What was striking in Jennings, as well as the cases that followed it, is that courts largely failed to ask any difficult questions of the new identification technique. Just how confident could fingerprint identification experts be that no two fingerprints were really alike? How often might examiners make mistakes? How reliable was their technique for determining whether two prints actually matched? How was forensic use of fingerprints different from police use? The judge did not analyze in detail either the technique or the experts’ claims to knowledge; instead, he believed that the new technique worked flawlessly based only on interested participants’ say-so. The Jennings decision proved quite influential. In the years following, courts in other states admitted fingerprints without any substantial analysis at all, relying instead on Jennings and other cases as precedent.
From the beginning, fingerprinting greatly impressed judges and jurors alike. Experts showed juries blown-up visual representations of the fingerprints themselves, carefully marked to emphasize the points of similarity, inviting jurors to look down at the ridges of their own fingers with new-found respect. The jurors saw, or at least seemed to see, nature speaking directly. Moreover, even in the very first cases, fingerprint experts attempted to distinguish their knowledge from other forms of expert testimony by declaring that they offered not opinion but fact, claiming that their knowledge was special, more certain than other claims of knowledge. But they never established conclusively that all fingerprints are unique or that their technique was infallible even with less-than-perfect fingerprints found at crime scenes.

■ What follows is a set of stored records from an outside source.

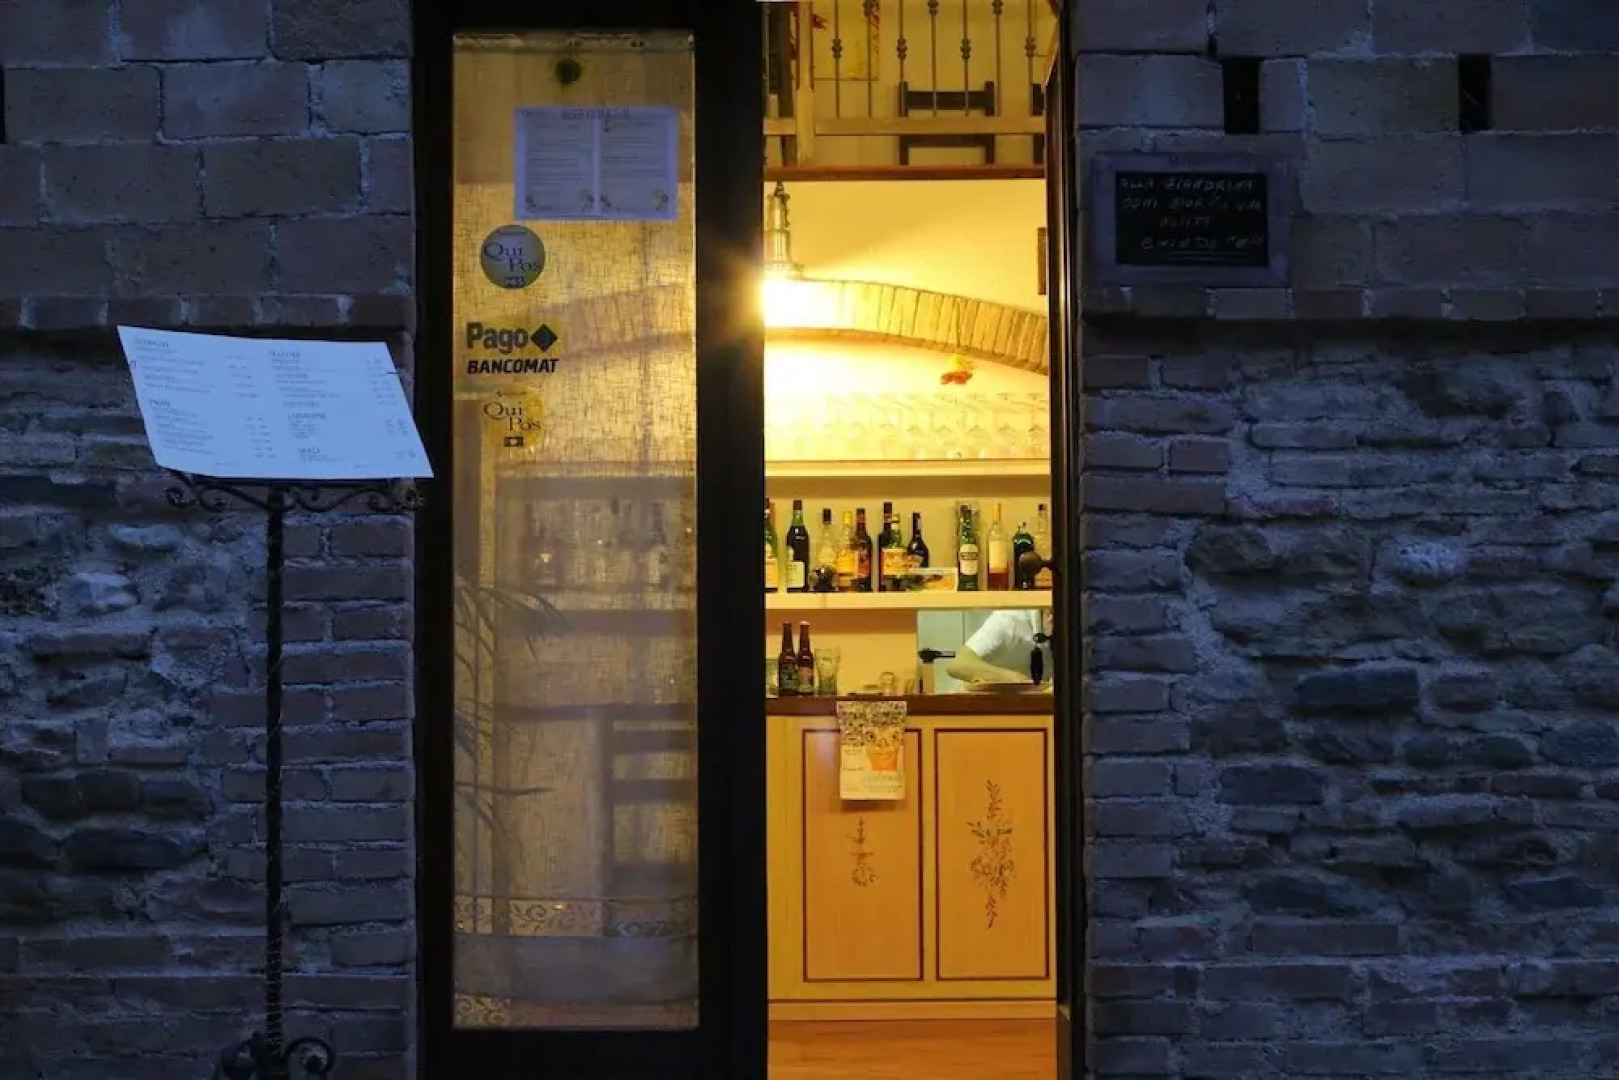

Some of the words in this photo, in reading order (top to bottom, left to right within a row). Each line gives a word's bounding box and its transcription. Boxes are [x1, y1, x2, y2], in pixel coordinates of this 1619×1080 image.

[483, 241, 523, 262] Qui
[466, 321, 529, 354] Pago
[467, 358, 559, 375] BANCOMAT
[483, 401, 523, 421] Qui
[508, 417, 542, 431] Pos
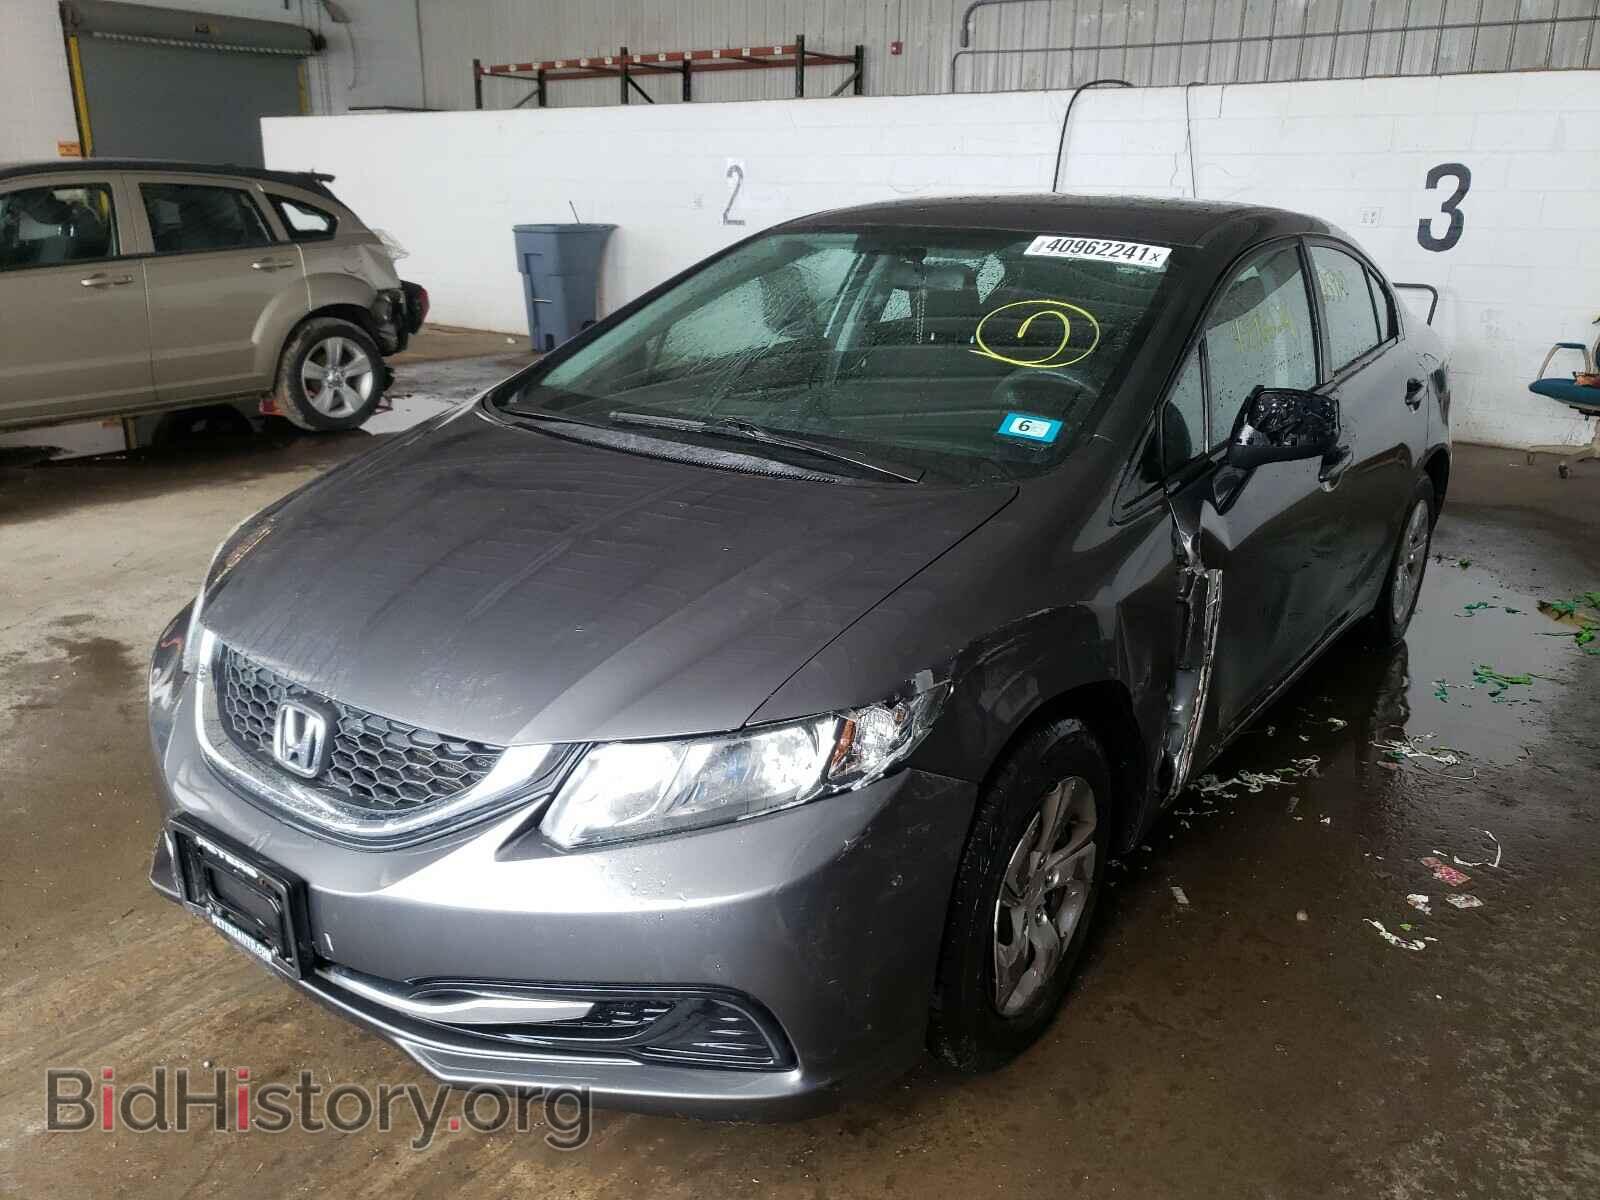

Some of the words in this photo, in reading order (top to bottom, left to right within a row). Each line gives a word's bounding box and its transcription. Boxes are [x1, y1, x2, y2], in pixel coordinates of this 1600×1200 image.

In all events, just a few years after Jennings was decided, the evidential legitimacy of fingerprints was deeply entrenched, taken for granted as accepted doctrine. Judges were as confident about fingerprinting as was Puddn’head Wilson, a character in an 1894 Mark Twain novella, who believed that “ ‘God’s finger print language,’ that voiceless speech and the indelible writing,” could provide “unquestionable evidence of identity in all cases.” Occasionally, Pudd’nhead Wilson itself was cited as an authority by judges.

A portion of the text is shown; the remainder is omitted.